Tingginya tingkat stres pada wanita memberikan dampak yang berarti secara
fisik terhadap kesehatannya, terutama ketika wanita tersebut mengandung. Rondó et
al. (2003) mengatakan, stres yang muncul pada wanita yang sedang dalam kondisi
hamil memiliki risiko buruk bagi janin yang dikandungnya. Salah satu risiko yang
dapat terjadi adalah kelahiran preterm (Dunkel, 2012). Kelahiran preterm terjadi
lebih sering dalam beberapa tahun terakhir, pada tahun 2014 WHO mencatat dari
seluruh persalinan yang ada di Indonesia, 15,5 % dari setiap 100 kelahiran hidup

merupakan persalinan preterm, dan membuat Indonesia menduduki posisi 9 tertinggi
dalam jumlah persalinan preterm di dunia. Data yang diperoleh dari Dinas Kesehatan
Kabupaten Karanganyar tahun 2014, terdapat 12.998 kelahiran, dengan 510 kelahiran
di antaranya merupakan kelahiran dengan belum cukup bulan, atau sekitar 3,9 % dari
total kelahiran.
Ketika seorang wanita dalam kondisi stres, maka respon tubuh yang terjadi
adalah dengan mengeluarkan beberapa hormon sehingga stres dapat ditangani.
Hormon tersebut bekerja, dan menimbulkan gejala fisiologis seperti dada berdebar,
berkeringat, sulit tidur, dan sebagainya. Keluarnya hormon tersebut merupakan peran
dari sistem saraf pusat dan sistem saraf otonom. Namun hal berbeda dapat terjadi
ketika wanita yang dalam kondisi stres tersebut hamil, hormon yang dikeluarkan

dapat memengaruhi kesejahteraan janin (Rondó et al., 2003). Hormon tersebut dapat
berakibat pada beberapa hal, seperti; malposisi pada plasenta, hipertensi pada
kehamilan, dan perdarahan pada kehamilan usia tua.

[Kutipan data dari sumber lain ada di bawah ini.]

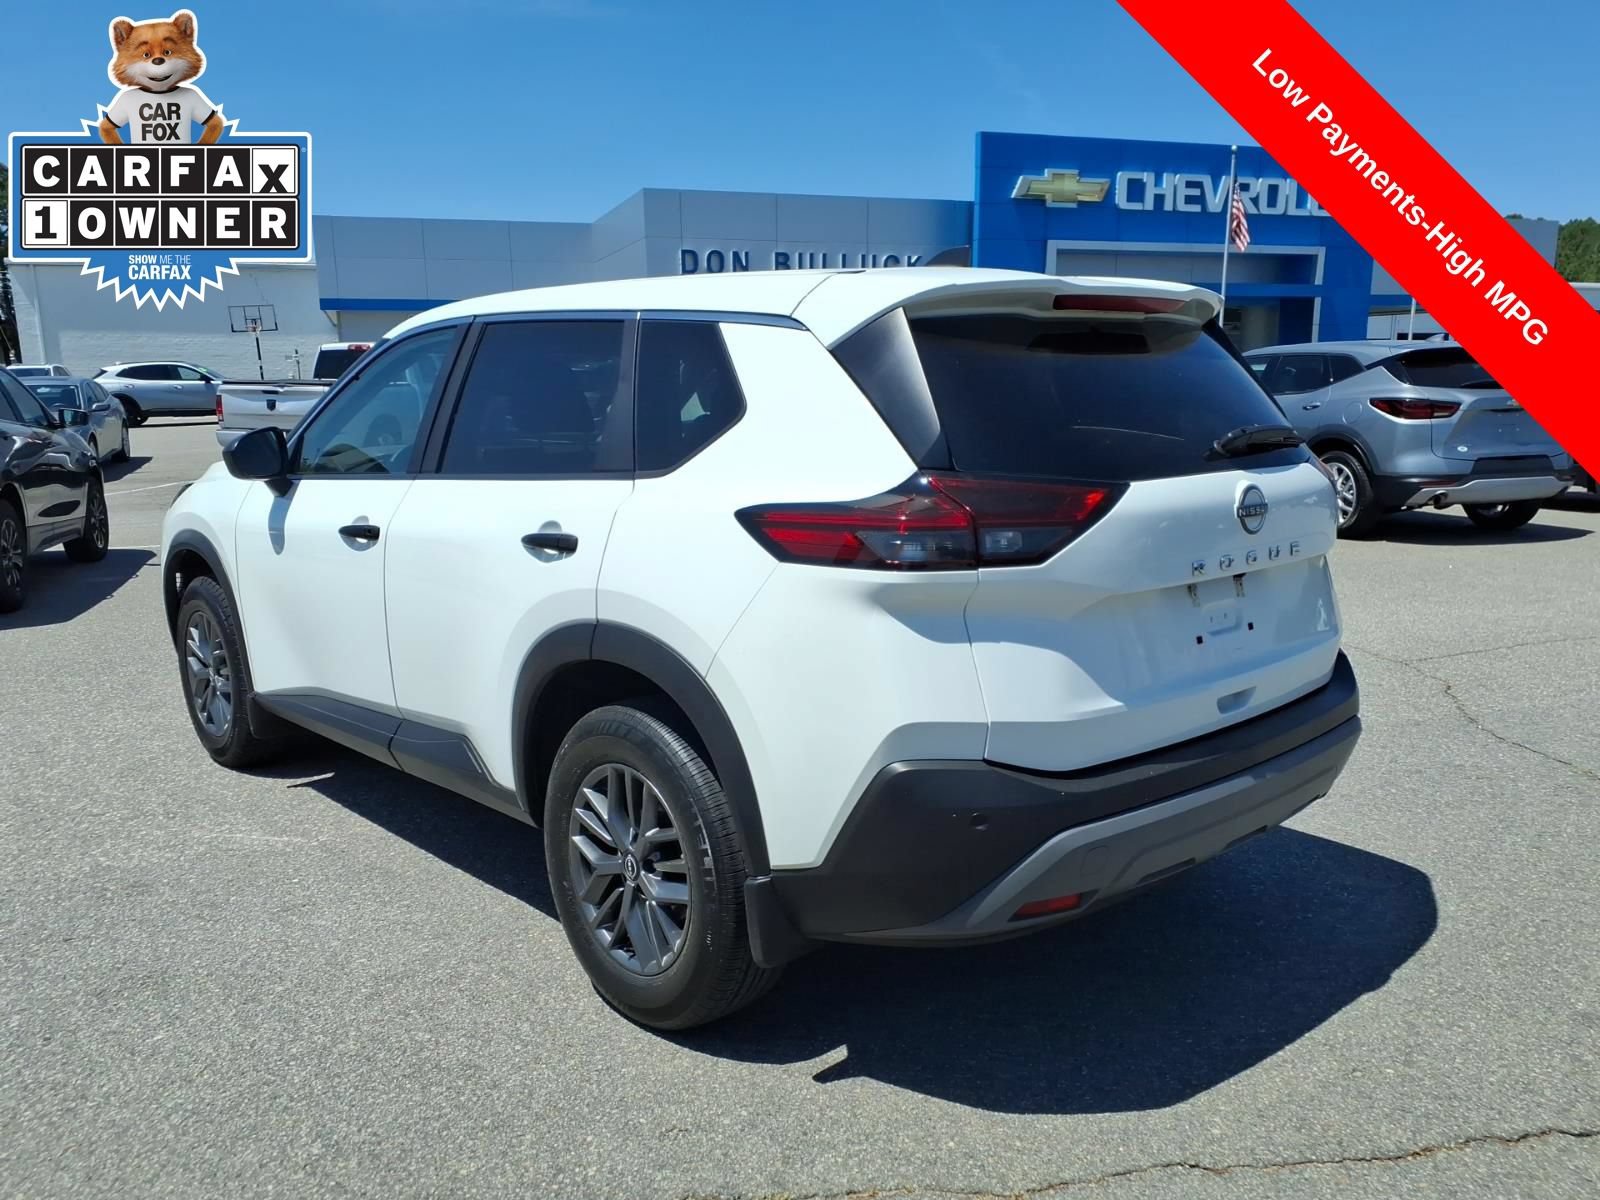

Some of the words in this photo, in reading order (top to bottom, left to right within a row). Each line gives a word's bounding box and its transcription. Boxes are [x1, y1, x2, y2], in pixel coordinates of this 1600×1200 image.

[680, 248, 750, 275] DON
[1239, 506, 1266, 516] NISS
[1191, 541, 1301, 576] ROGUE

Efek hormonal tersebut pada
akhirnya dapat menyebabkan kelahiran belum cukup bulan atau kelahiran preterm.
Bayi yang dilahirkan dalam usia yang belum cukup bulan, dapat memiliki
masalah medis tertentu, disebabkan sistem organ dalam tubuhnya belum sepenuhnya
berfungsi dengan baik. Dan kematian bayi merupakan hal yang paling dikhawatirkan
pada kelahiran preterm. Kematian bayi yang baru dilahirkan merupakan masalah bagi

suatu negara, di Indonesia Angka Kematian Bayi (AKB) merupakan hal yang menjadi
fokus utama pembangunan kesehatan. Sehingga kematian bayi baru lahir akibat
persalinan preterm haruslah dihindari. Itulah sebabnya kesejahteraan janin melalui
kesehatan fisik dan mental ibu perlu menjadi perhatian khusus ketika seorang wanita
hamil.
Perdebatan kemudian muncul ketika fakta di lapangan menunjukkan
persalinan preterm terjadi pada ibu rumah tangga atau bukan wanita karir, yaitu
wanita yang tidak bekerja di luar pekerjan rumah. Dengan penyebab yang sama
seperti persalinan preterm pada wanita karir. Hal ini dimungkinkan karena pada
kenyataannya tidak bekerja juga dapat meningkatkan stres pada wanita yang
tergolong bukan wanita karir.
Jika demikian, adakah perbedaan tingkat stres pada wanita karir dan bukan
wanita karir yang mengalami persalinan preterm? Seberapa besar perbedaan yang
ada? Untuk menemukan jawaban atas pertanyaan tersebut maka penulis merasa perlu
adanya penelitian tentang perbedaan tingkat stres pada wanita karir dan bukan wanita
karir yang mengalami persalinan preterm. Dengan tujuan hasil penelitian dapat

digunakan untuk mengurangi angka persalinan preterm melalui edukasi dini pada
wanita hamil, baik yang tergolong wanita karir dan bukan wanita karir.